Artists

Sanford Biggers

Sanford Biggers

b. 1970

Sanford Biggers is an interdisciplinary artist whose practice spans painting, sculpture, installation, video, music, and performance. His work interrogates the intersections of history, narrative, and myth, challenging official accounts and reconfiguring cultural symbols to propose new understandings of the past and present. Biggers often describes his process as “conceptual patchworking,” transposing, combining, and juxtaposing ideas and forms to complicate traditional historiography and imagine new cultural constellations.

His diverse practice incorporates antique quilts rumored to have been coded markers on the Underground Railroad, which he reconstructs into his Codex series; sonic interventions and performances, including his role as creative director and keyboardist of the conceptual collective Moonmedicin; and monumental sculptural works such as Oracle (2021), presented at Rockefeller Center. His recurring motifs—pianos, trees, clouds, lotus flowers, and Cheshire Cat smiles—shift meaning with each appearance, reflecting his commitment to remixing traditions across African, European, American, and folk sources.

Biggers studied at Morehouse College (BA) and received his MFA from the School of the Art Institute of Chicago. He also attended the Skowhegan School of Painting and Sculpture (1998). His work has been featured in major solo exhibitions, including Sanford Biggers: Codeswitch (Bronx Museum of the Arts; traveled to the Speed Art Museum and the California African American Museum, 2020–22), the Phillips Collection (Washington, D.C., 2021), and the Museum of Contemporary Art Detroit (2016). Group exhibitions include the Tate Modern (London), Centre Pompidou (Metz), Stedelijk Museum (Amsterdam), the Brooklyn Museum, the Menil Collection (Houston), and the Museum of Fine Arts, Boston.

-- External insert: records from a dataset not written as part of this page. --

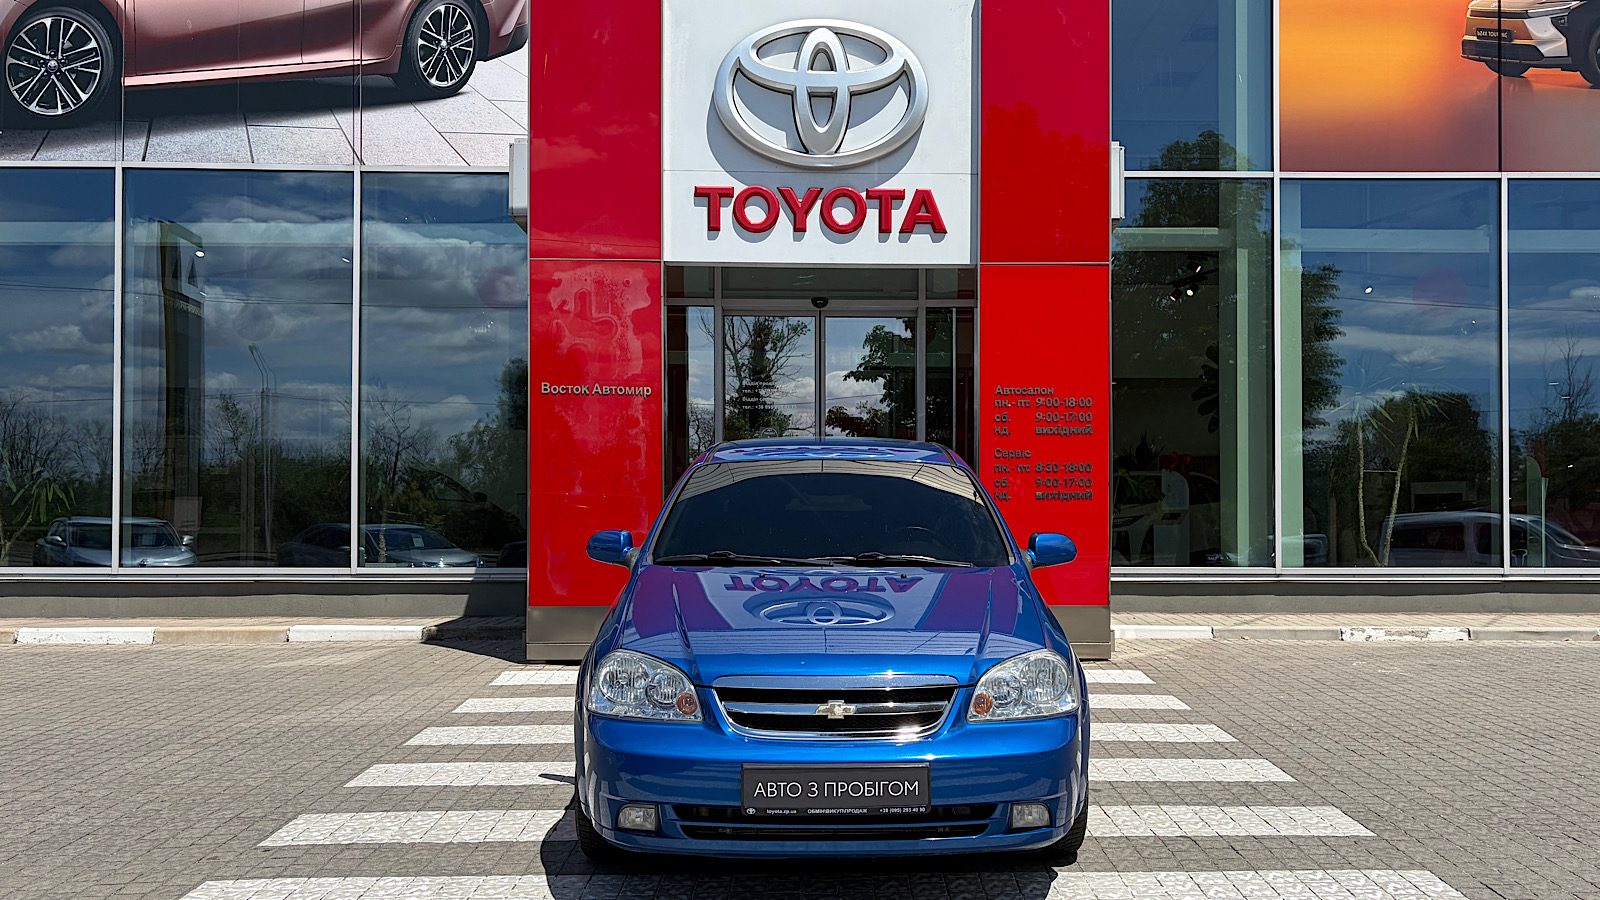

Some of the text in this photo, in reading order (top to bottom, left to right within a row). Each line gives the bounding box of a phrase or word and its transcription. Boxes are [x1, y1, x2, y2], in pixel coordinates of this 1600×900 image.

[694, 185, 948, 234] TOYOTA
[541, 382, 652, 399] Восток Автомир
[994, 384, 1055, 395] Автосалон
[1035, 397, 1093, 408] 9:00-18:00
[994, 411, 1093, 422] сб. 9:00-17:00
[994, 424, 1093, 436] нд. вихідний
[994, 448, 1031, 460] Сервіс
[1035, 462, 1093, 473] 8:30-18:00
[994, 477, 1093, 488] сб. 9:00-17:00
[1035, 489, 1093, 501] вихідний
[753, 781, 919, 798] АВТО З ПРОБІГОМ

His works are held in the collections of The Museum of Modern Art, the Metropolitan Museum of Art, the Whitney Museum of American Art, the Solomon R. Guggenheim Museum, the Studio Museum in Harlem, Los Angeles County Museum of Art, Dallas Museum of Art, and the Smithsonian National Museum of African American History and Culture, among others.

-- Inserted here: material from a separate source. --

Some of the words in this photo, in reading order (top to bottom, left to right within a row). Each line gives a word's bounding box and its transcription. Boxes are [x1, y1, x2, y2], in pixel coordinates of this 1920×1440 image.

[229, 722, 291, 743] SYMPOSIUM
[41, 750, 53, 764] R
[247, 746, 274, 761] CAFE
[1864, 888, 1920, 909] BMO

Biggers has received numerous honors, including the Bronx Museum’s Art and Social Justice Award (2024), the Smithsonian Artist Research Fellowship (2024), the 26th Heinz Award for the Arts (2021), the Rome Prize (2017), and a Guggenheim Fellowship (2020). He has been recognized by the American Academy of Arts and Letters, Morehouse College, and the New York Foundation for the Arts Hall of Fame, and served as the Dr. Martin Luther King, Jr. Visiting Professor at MIT (2021–22). In 2024 he received a GRAMMY Award for his contribution to Meshell Ndegeocello’s The Omnichord Real Book, which won Best Alternative Jazz Album.